Monday, January 31, 2011

January 31

The last day of January is coming to a close....where did the time go?  I am so completely exhausted.   I'm not even sure that the scope of my exhaustion can be put into words.  I took two more kids in my daycare this week.  I will have them once a week on Mondays.  It is a one year old little boy and a three year old little girl.  They are so sweet and precious and I adore them.  They had to come really early this morning because of some family circumstances-so they arrived at 6am.  Because I was afraid of oversleeping, I had been awake since about 4am.  I kept looking at the clock and thinking, "There is xx amount of time to sleep."  Only problem....I just dozed for about 5 minutes at a time off and on.  So-they get here at 6 and because my house is new to them and its big changes-they refuse to sleep.  Nobody will nap...and these are kids who usually nap between 3-5 hours a day.  Awesome.  I finally got them to sleep for an hour, but I feel awful for their poor parents.  I'm sure those kids are no picnic tonight!  But to the parents credit-even though the kids were extremely tired and completely overstimulated, they were terrific.  They were a bit crabby, but amazingly well behaved and wonderfully polite.  I'm really going to enjoy working with them.
Since there was a ton of commotion early, Hayden woke up about ten minutes before 6 as well.  And he didn't go back to sleep.  He actually did really well for being so exhausted.  I didn't really see signs of strain until this afternoon and this evening.  Cebelle woke up a little earlier than usual and was actually kind of jealous of the younger kids.  She was in a bit of a snit all day until I explained that the reason I keep kids is so that I can stay home with her and Hayden.  Then she was fine and not so much diva....
Needless to say, I was chasing little ones around the house and dealing with crying at naptime and I was thinking, "Why on earth would I ever think I wanted to do this again?!"  I found it hysterical that Jeff came home and basically said the same thing to me.  

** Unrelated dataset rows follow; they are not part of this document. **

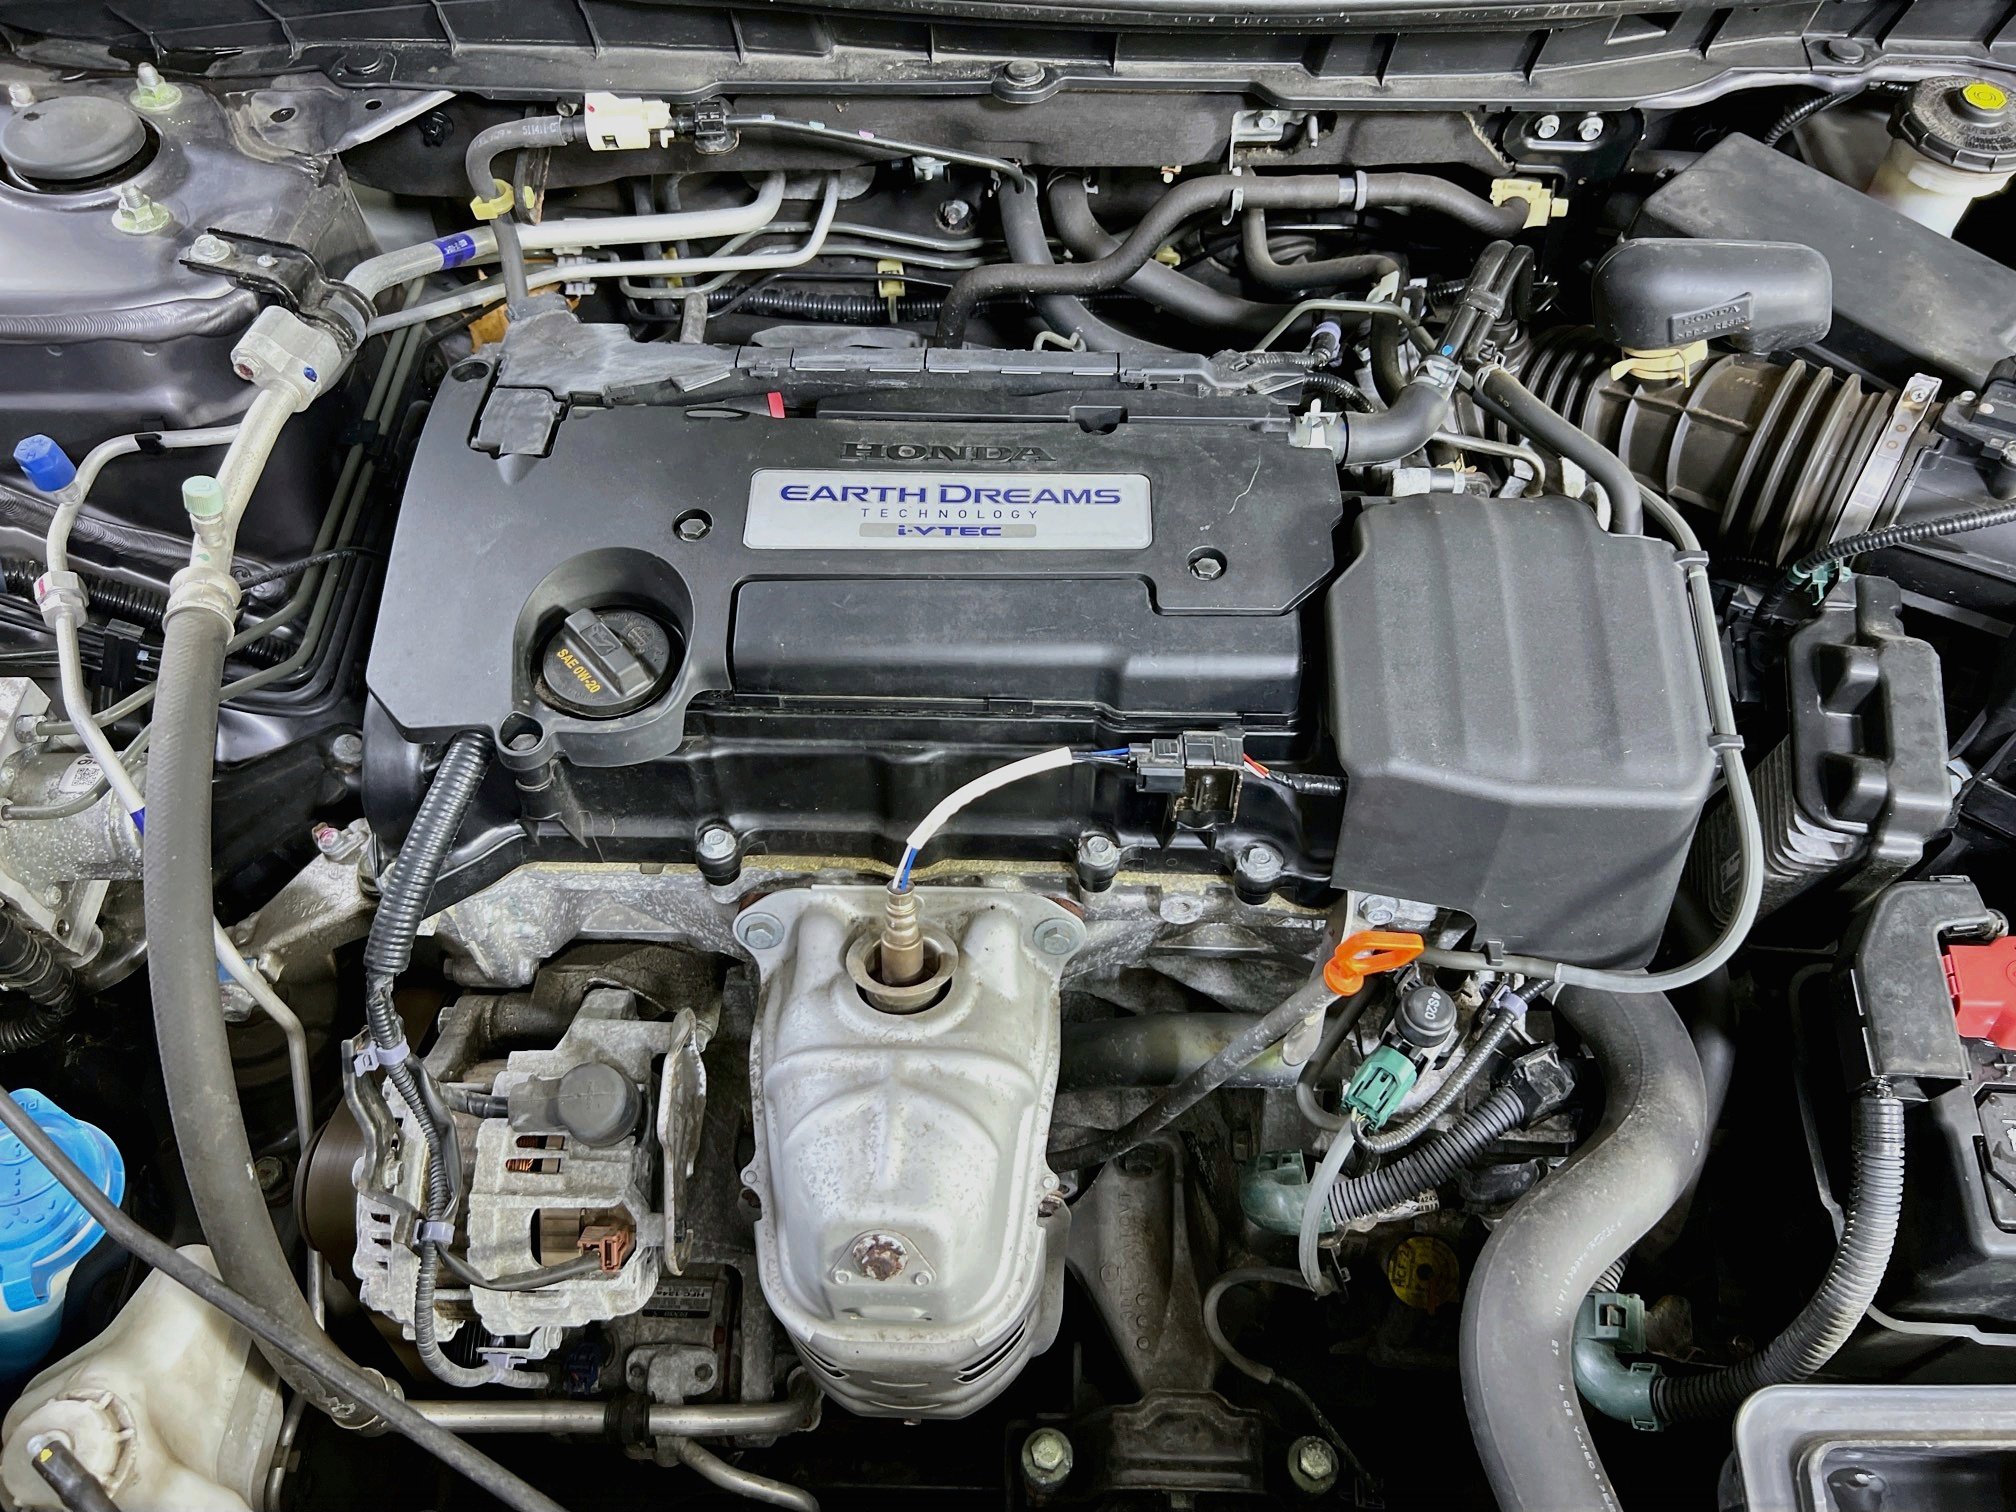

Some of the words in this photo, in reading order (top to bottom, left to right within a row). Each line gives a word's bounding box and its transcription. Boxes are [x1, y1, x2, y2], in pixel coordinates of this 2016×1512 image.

[1682, 304, 1740, 325] HONDA
[838, 441, 1058, 463] HONDA
[780, 484, 927, 504] EARTH
[939, 483, 1122, 505] DREAMS
[861, 507, 1039, 520] TECHNOLOGY
[897, 522, 1002, 537] i-VTEC
[556, 647, 580, 670] SAE
[572, 665, 601, 694] 0W-20

So-I am really looking forward to bedtime tonight.  I am getting ready to put my kids down to bed and I will probably follow not too long after.  It has to be said, though, that I enjoyed every second of today.  Kids are a gift from God.  Mine, yours, all of them.....I love spending time with them.  They are very entertaining and insightful.  They don't hide their emotions and they are straightforward.  They give and receive love eagerly and freely.  I think that most adults could learn some lessons from kids.  I know that mine (biological and daycare) teach me something new everyday.  It's always an adventure!